> [Work to complete]: The line containing "Some of the text" and every line after it, through the end of the records below: repeat them exactly, nothing more.

___ Exercise material ___

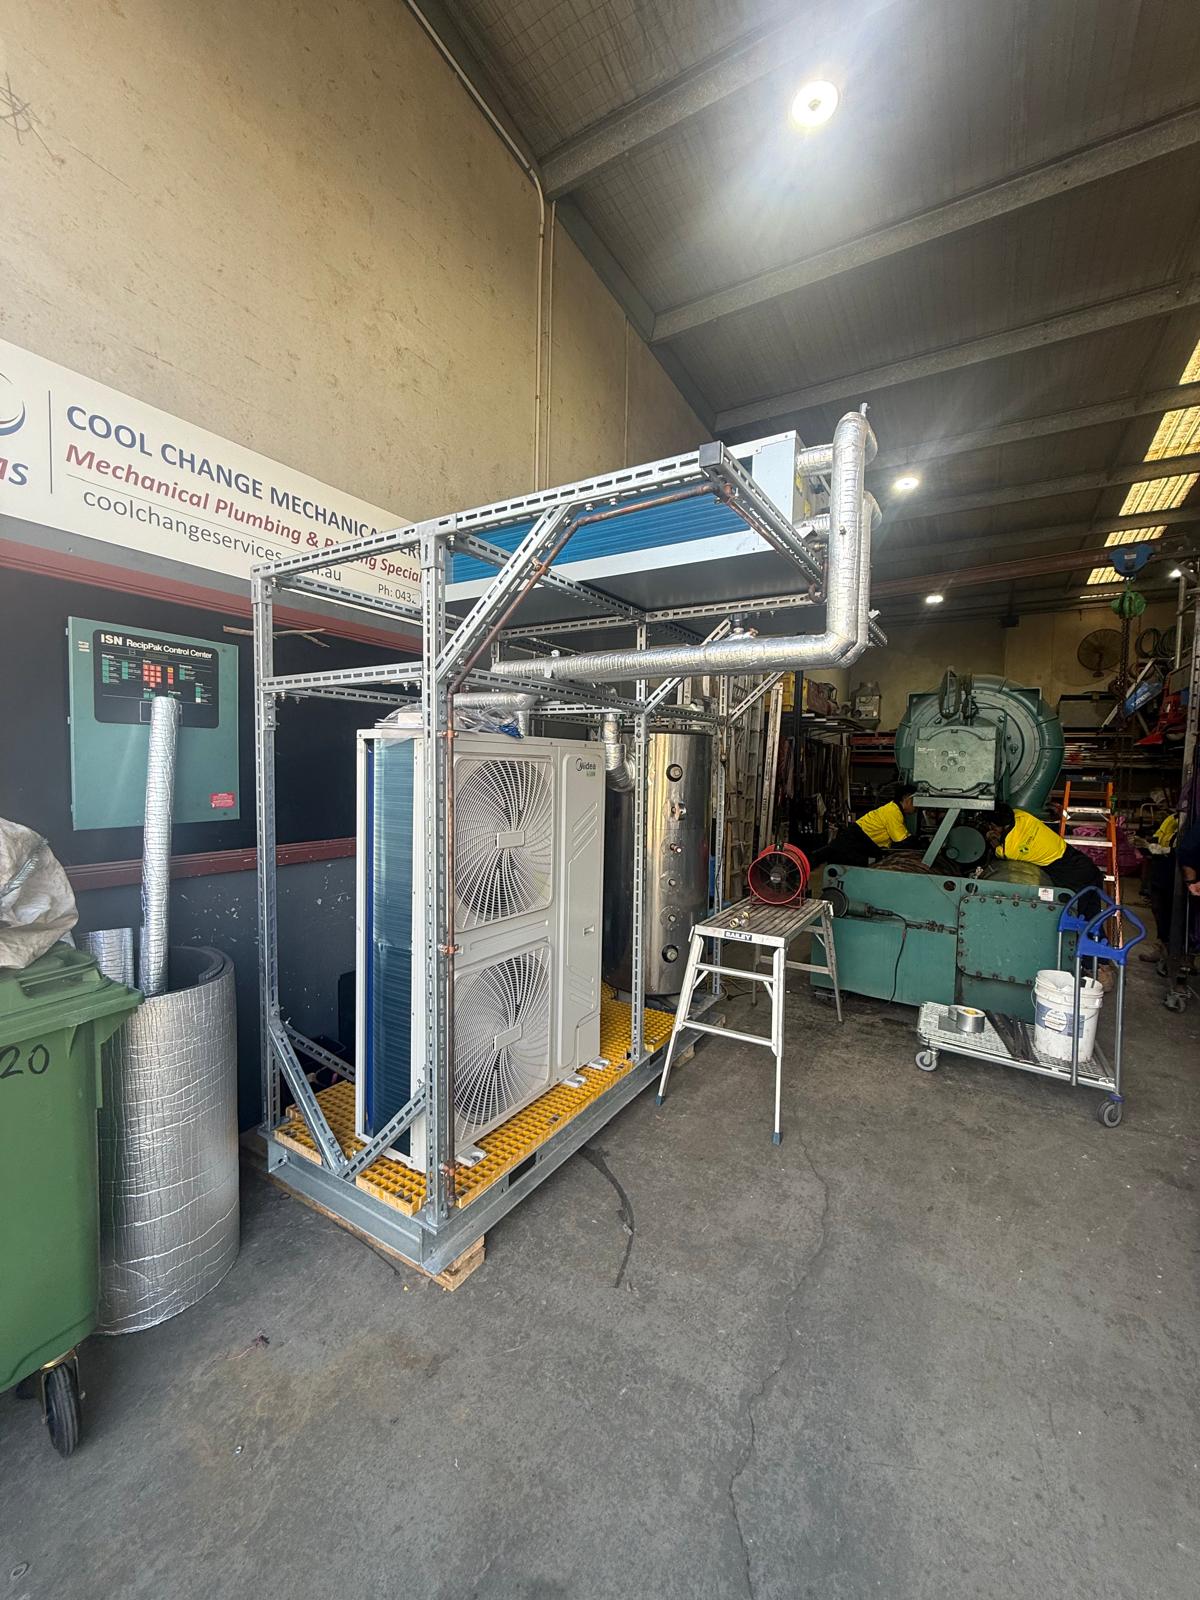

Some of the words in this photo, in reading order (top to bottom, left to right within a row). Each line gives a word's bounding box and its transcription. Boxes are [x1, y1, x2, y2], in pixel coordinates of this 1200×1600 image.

[66, 405, 153, 457] COOL
[160, 443, 263, 500] CHANGE
[65, 444, 210, 510] Mechanical
[214, 498, 302, 545] Plumbing
[305, 532, 319, 549] &
[378, 583, 393, 598] Ph:
[100, 633, 123, 646] ISN
[126, 638, 163, 652] RecipPak
[163, 645, 190, 656] Control
[190, 649, 213, 659] Center
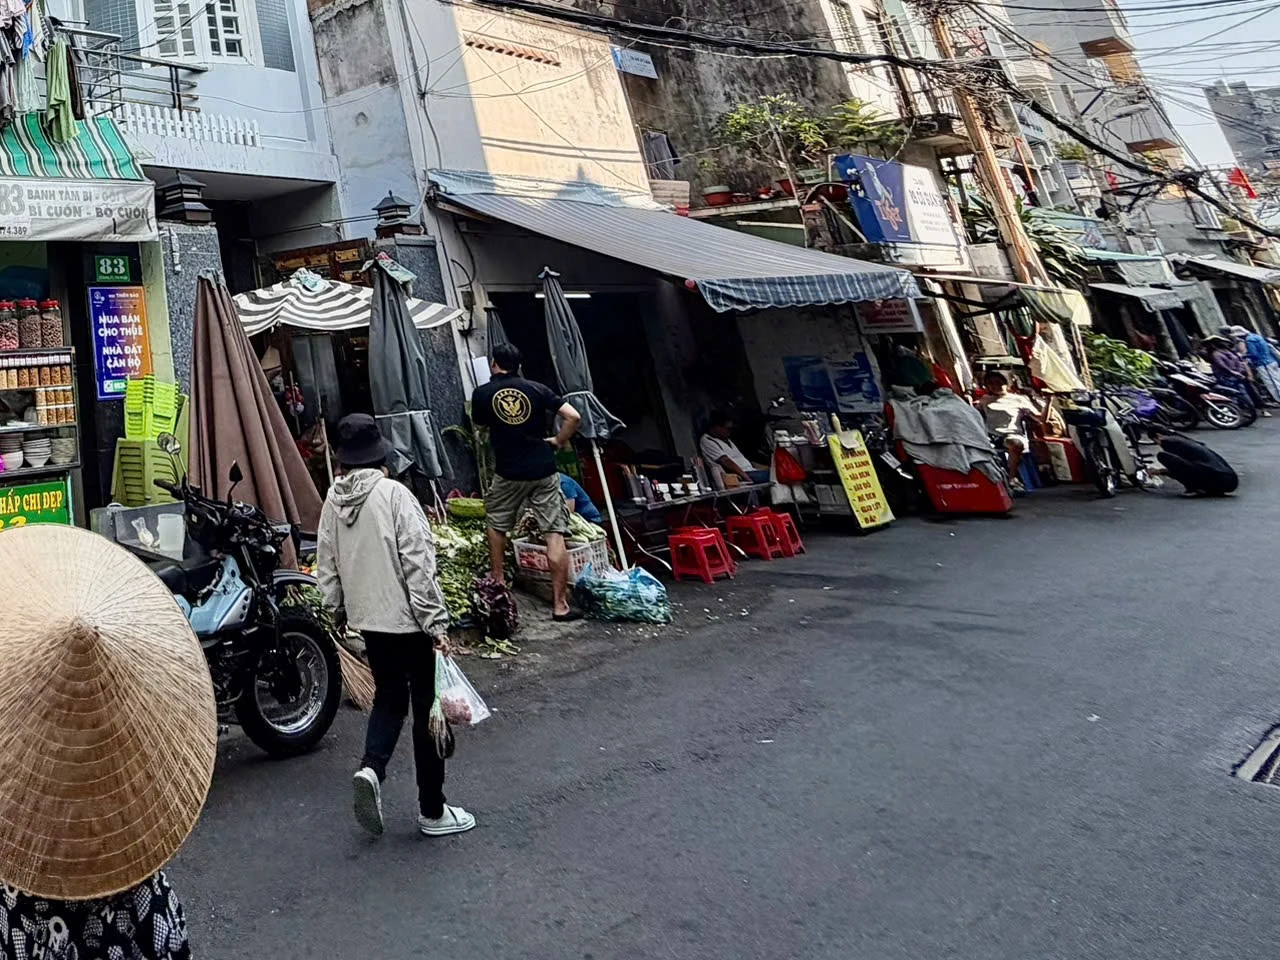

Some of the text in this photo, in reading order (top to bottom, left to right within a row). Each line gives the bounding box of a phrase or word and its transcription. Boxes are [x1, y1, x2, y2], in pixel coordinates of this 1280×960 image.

[100, 258, 125, 274] 83
[99, 313, 140, 324] MUA BÁN
[98, 326, 143, 337] CHO THUÊ
[102, 343, 143, 355] NHÀ ĐẤT
[0, 489, 21, 514] HẤP
[23, 493, 41, 514] CHỊ
[43, 490, 63, 512] ĐẸP

___

> [Result below]:
Some of the text in this photo, in reading order (top to bottom, left to right within a row). Each line gives the bounding box of a phrase or word and its transcription. Boxes are [x1, y1, x2, y2], in pixel coordinates of this 1280×960 image.

[100, 258, 125, 274] 83
[99, 313, 140, 324] MUA BÁN
[98, 326, 143, 337] CHO THUÊ
[102, 343, 143, 355] NHÀ ĐẤT
[0, 489, 21, 514] HẤP
[23, 493, 41, 514] CHỊ
[43, 490, 63, 512] ĐẸP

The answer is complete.